Although short read sequencing serves an important purpose in both the research and clinical arenas of genomic analysis, it is difficult to rely on short reads for some interrogations, such as structural variations (SVs) including large indels and base-level resolved copy number variations, to resolve phasing relationships or to generate highly contiguous de novo genome assemblies. For these, long-read sequencing technologies have overcome the limitations of short-reads.

It has been three years since University of California, Santa Cruz (UCSC), researchers proved that long-read human genome assembly can be done, using a nanopore-based technology developed on campus. The method was then improved upon, using the PromethION nanopore sequencer, shortening the time of the genome assembly to about a week.

Now, UCSC researchers have collaborated on an algorithm designed to accurately and precisely assemble individual, complete human genomes from long-read sequencing data in about six hours and for about $70.

The work is published in an article titled, “Nanopore sequencing and the Shasta toolkit enable efficient de novo assembly of eleven human genomes” in Nature Biotechnology. In the paper, the researchers described how Shasta not only yields comparable or better accuracy as its contemporaries but also has the lowest number of misassemblies.

To enable rapid human genome assembly, the researchers developed Shasta, a de novo long-read assembler, and polishing algorithms named MarginPolish and HELEN.

Shasta is an in-memory computing-driven algorithm that can help complete a de novo human genome assembly in under six hours, the authors said, for an average cost of $70 per sample.

They developed a nanopore long-read sequencing protocol that consistently yields ~60X coverage (~200 gigabases) of a human genome at unprecedented lengths (median read N50 of 42 kb) using three PromethION flow cells.
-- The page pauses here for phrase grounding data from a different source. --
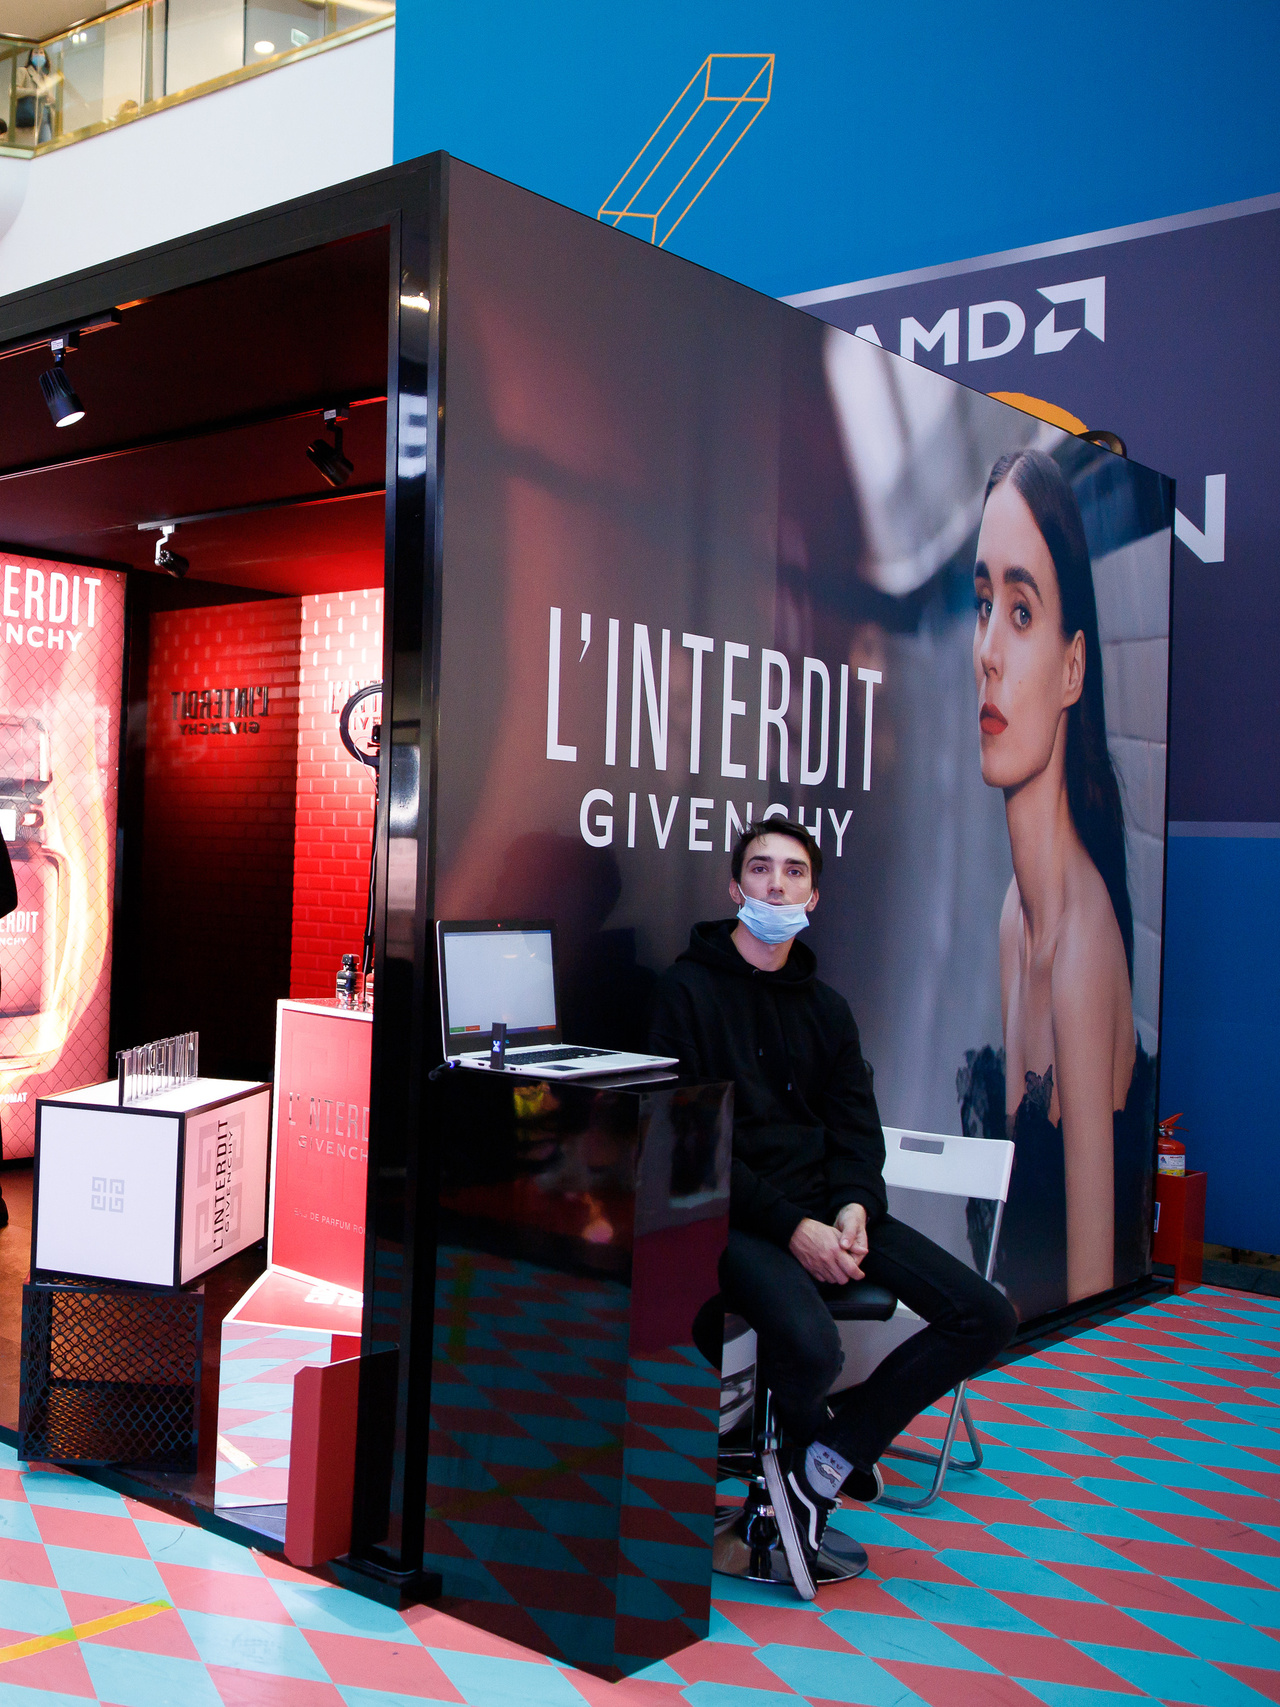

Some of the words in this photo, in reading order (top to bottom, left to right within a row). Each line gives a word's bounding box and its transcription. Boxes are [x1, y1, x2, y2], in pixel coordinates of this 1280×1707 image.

[546, 606, 883, 791] L'INTERDIT
[213, 1120, 228, 1253] L'INTERDIT
[225, 1131, 233, 1232] GIVENCHY
[298, 1135, 368, 1163] GIVENCH
[310, 1212, 320, 1222] DE
[321, 1215, 351, 1230] PARFUM
Additionally, ~7X coverage of the genome is in reads exceeding 100 kb in length. This method is highly scalable, both in terms of cost and the number of genomes that can be processed simultaneously. Using a single PromethION nanopore sequencer, they assembled 11 highly contiguous human genomes de novo in nine days.
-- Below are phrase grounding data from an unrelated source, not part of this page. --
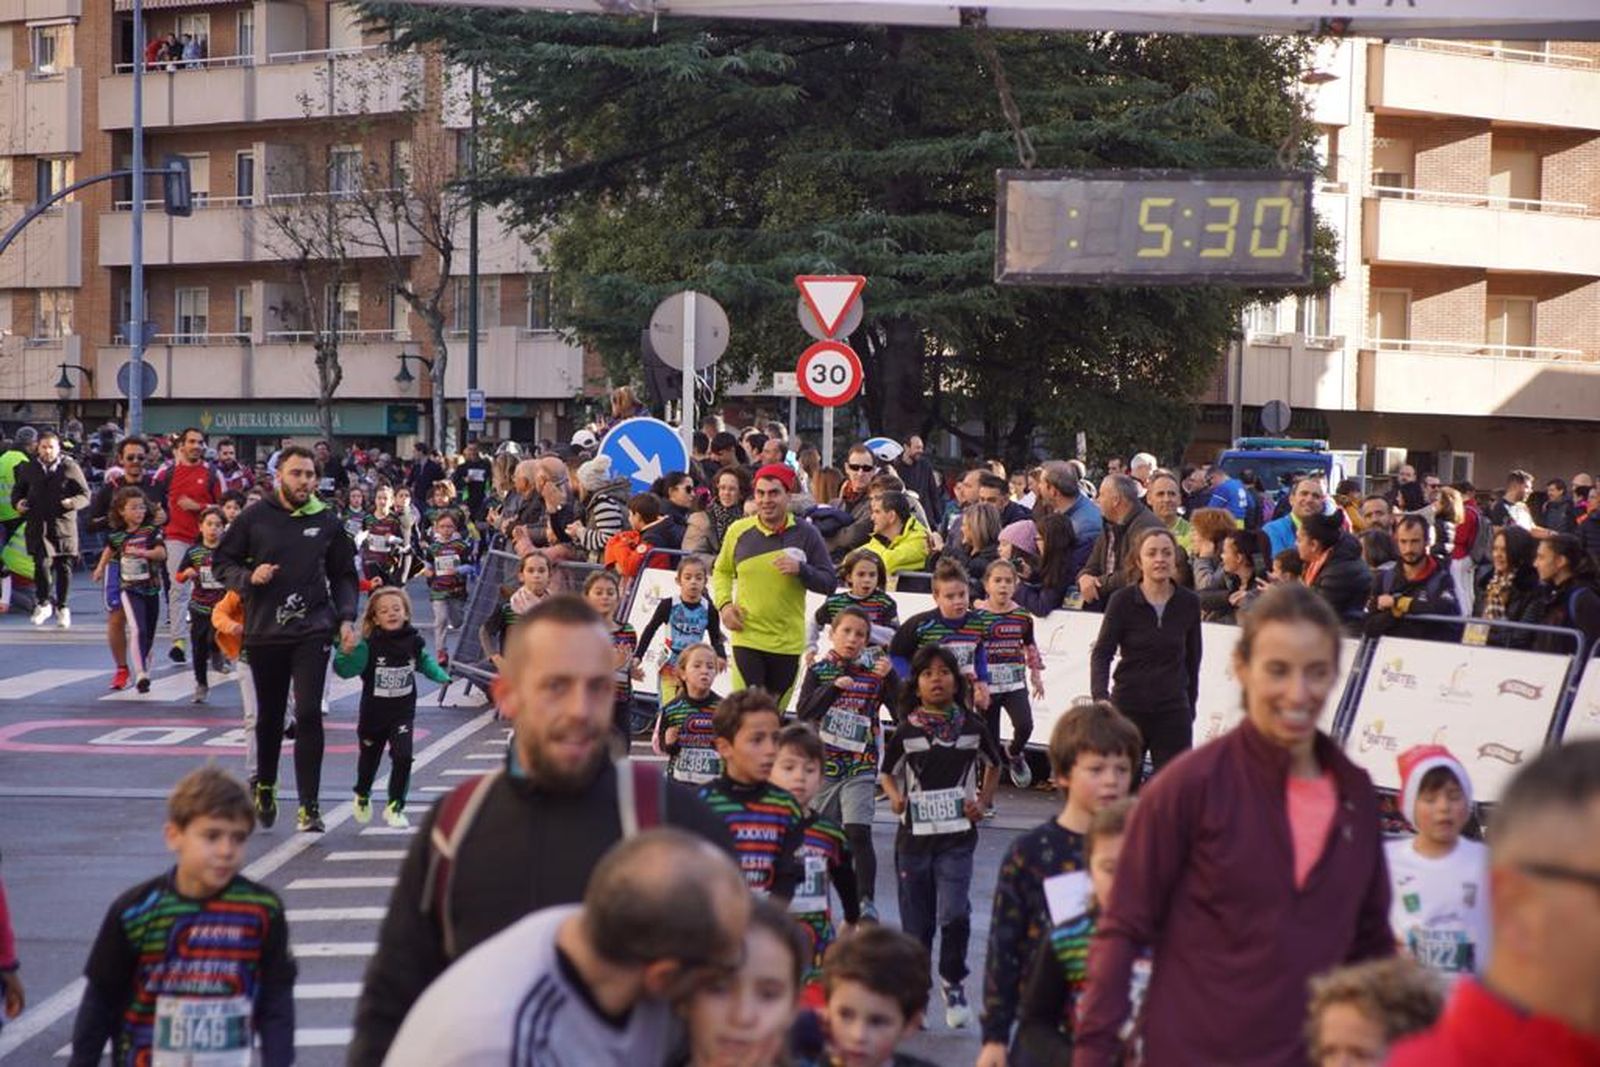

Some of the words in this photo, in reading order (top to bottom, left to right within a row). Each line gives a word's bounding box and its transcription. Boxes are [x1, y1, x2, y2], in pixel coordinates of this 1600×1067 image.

[812, 364, 846, 385] 30
[215, 412, 238, 430] CAJA
[239, 412, 268, 427] RURAL
[269, 412, 280, 427] DE
[828, 716, 858, 739] 6391
[679, 756, 711, 772] 6384
[918, 799, 957, 820] 6068
[168, 1017, 228, 1048] 6146
The nine-day assembly process, broken down by length of time for each step. [UC Santa Cruz Genomics Institute]
The authors noted that they are now “improving this method for higher read lengths and throughput, which will further facilitate our goal of achieving complete, phased, reference-quality genomes.” The researchers said they hope their assembler will increase the pace of genomics research and open opportunities. This includes enabling pangenome research to represent the true scale of human diversity, a decidedly more practical pursuit.
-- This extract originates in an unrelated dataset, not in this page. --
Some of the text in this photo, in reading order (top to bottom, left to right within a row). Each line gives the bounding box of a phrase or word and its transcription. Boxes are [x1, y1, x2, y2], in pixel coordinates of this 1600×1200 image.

Until recently, genomic research has relied exclusively on the reference genome from a single individual selected to represent an entire species. To reflect true human diversity, UCSC has embarked on a pangenomic initiative to sequence 350 new, individual human genomes.

This large inflow of data necessitated the development of highly efficient software tools, starting with an assembler. “Our new assembler was designed to be cheap and quick, with the goal to be on the cloud,” said Benedict Paten, PhD, assistant professor, biomolecular engineering at UCSC. “It gives us the power to scale nanopore sequencing. Now, I’m confident that we’ll be easily assembling hundreds of de novo genomes in the next couple of years.”

“To improve the base-level quality of the assemblies, we used a sequence polisher based on a deep neural network as the final assembly step,” explained lead author Kishwar Shafin a graduate student at UCSC. “This brought the total cost of the assembly process to less than $200 and 37 hours—which further reduced the computational overhead of generating long-read assemblies dramatically—by a factor of five.”

The researchers assessed the precision and then validated the accuracy, and noted that they had achieved 99.9% accurate assembly using only nanopore data, a first for the human genome. Further, they generated chromosome-level scaffolds for these polished assemblies using HiC sequencing data.

Co-author Karen Miga, PhD, assistant research scientist at UCSC, pointed out the significance of the team’s achievements in improved accuracy. “Our aim is not only to expand the diversity of the reference genome but also to resolve the hundreds of gaps that persist across the genome,” Miga explained. “Now that we can routinely include these uncharted regions, we have a truly complete assembly of a human genome, and we can begin to explore variations of unknown consequence.”